El rayo surgido de aquel ojo golpeó al Supremo Señor de la Guerra en la espalda y el hombre cayó en picado al suelo. El impulso de su frenético vuelo lo arrastró hacia delante y fue a rodar cerca de Mosiah, quien se quedó mirándolo esperanzado. ¡Por fin ya no estaba solo! Con toda seguridad aquel Supremo Señor de la Guerra sabría qué era lo que ocurría. Aguardó a que el brujo se pusiera en pie, ya que la caída no había resultado especialmente grave, pero el hombre no se movió.

—No está muerto —se dijo Mosiah, tragándose el miedo que invadía como una asfixiante bilis su garganta. Levantó la cabeza y vio que la criatura se había detenido por un momento, la cabeza vuelta hacia adelante—. ¿Cómo podría estar muerto? No hay ninguna herida, nada a excepción de un agujero en sus ropas… Debe de estar aturdido. Tengo que ayudarlo…
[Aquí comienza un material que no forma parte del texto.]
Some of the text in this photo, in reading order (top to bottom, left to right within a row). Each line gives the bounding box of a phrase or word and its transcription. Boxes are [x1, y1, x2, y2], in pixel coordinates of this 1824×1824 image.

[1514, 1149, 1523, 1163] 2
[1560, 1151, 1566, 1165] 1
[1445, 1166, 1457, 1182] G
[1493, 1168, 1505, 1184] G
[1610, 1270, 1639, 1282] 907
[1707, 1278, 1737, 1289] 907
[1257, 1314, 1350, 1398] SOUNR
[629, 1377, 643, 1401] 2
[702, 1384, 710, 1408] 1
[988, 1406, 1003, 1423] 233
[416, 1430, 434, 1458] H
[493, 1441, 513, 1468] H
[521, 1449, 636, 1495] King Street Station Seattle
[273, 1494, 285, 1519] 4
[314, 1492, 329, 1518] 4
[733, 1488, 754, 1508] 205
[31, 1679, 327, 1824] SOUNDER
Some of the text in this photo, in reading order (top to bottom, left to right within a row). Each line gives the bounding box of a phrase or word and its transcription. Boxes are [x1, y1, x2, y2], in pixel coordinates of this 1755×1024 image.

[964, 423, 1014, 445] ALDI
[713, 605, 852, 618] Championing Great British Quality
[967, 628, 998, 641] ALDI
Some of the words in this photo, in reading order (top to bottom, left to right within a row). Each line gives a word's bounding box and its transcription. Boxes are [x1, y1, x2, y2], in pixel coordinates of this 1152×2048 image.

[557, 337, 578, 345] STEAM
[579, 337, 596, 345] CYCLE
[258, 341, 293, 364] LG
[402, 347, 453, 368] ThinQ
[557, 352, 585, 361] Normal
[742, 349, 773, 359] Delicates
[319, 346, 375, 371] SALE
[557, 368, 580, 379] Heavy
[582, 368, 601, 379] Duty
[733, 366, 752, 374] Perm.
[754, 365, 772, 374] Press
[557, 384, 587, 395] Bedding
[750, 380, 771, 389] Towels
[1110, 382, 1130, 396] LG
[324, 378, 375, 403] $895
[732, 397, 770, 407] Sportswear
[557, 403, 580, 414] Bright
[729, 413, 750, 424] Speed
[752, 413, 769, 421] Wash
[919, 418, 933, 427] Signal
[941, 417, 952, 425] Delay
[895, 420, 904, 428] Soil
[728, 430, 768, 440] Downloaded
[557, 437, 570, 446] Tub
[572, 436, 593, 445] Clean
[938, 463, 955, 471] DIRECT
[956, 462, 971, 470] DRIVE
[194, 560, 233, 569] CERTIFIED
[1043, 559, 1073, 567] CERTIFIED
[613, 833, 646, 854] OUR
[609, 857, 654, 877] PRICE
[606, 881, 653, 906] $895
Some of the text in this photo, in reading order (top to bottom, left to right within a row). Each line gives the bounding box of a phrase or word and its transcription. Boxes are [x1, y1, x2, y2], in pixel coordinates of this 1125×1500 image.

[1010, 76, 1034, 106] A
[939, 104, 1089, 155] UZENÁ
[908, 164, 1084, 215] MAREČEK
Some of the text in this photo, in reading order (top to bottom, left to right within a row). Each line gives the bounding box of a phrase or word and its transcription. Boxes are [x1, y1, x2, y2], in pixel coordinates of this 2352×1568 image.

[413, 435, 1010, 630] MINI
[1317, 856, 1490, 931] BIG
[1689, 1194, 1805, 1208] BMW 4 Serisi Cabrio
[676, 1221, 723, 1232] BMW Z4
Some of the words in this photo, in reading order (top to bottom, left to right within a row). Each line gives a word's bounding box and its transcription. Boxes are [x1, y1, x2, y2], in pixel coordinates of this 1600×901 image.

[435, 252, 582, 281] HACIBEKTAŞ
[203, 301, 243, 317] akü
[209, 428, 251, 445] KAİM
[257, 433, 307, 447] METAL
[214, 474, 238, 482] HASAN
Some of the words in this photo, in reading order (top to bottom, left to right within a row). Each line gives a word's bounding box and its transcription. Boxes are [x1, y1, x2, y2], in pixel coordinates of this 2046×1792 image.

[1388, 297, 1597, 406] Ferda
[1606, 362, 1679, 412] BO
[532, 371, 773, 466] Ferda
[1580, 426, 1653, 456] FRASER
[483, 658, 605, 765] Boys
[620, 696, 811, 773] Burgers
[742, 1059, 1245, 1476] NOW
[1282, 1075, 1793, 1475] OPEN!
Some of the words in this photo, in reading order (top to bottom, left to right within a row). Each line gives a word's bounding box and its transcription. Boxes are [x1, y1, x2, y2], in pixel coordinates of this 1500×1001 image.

Pero le costó algunos segundos poderse deshacer de las garras del pánico, que lo dejaban sin fuerzas. Finalmente, con un ojo fijo en la criatura, que había empezado a girar la cabeza en redondo otra vez —probablemente en busca de la presa derribada—, Mosiah se arrastró fuera del refugio de los árboles y, sujetando al mago por el cuello de la túnica, lo condujo hasta las sombras protectoras del bosquecillo.

El muchacho hizo girar al hombre sobre su espalda, pero no necesitó contemplar sus ojos vidriados y su boca abierta para convencerse de que aquel hombre estaba muerto. Una diminuta espiral de humo se elevaba del pecho de la víctima. Mosiah contuvo la respiración y se apartó rápidamente del cuerpo.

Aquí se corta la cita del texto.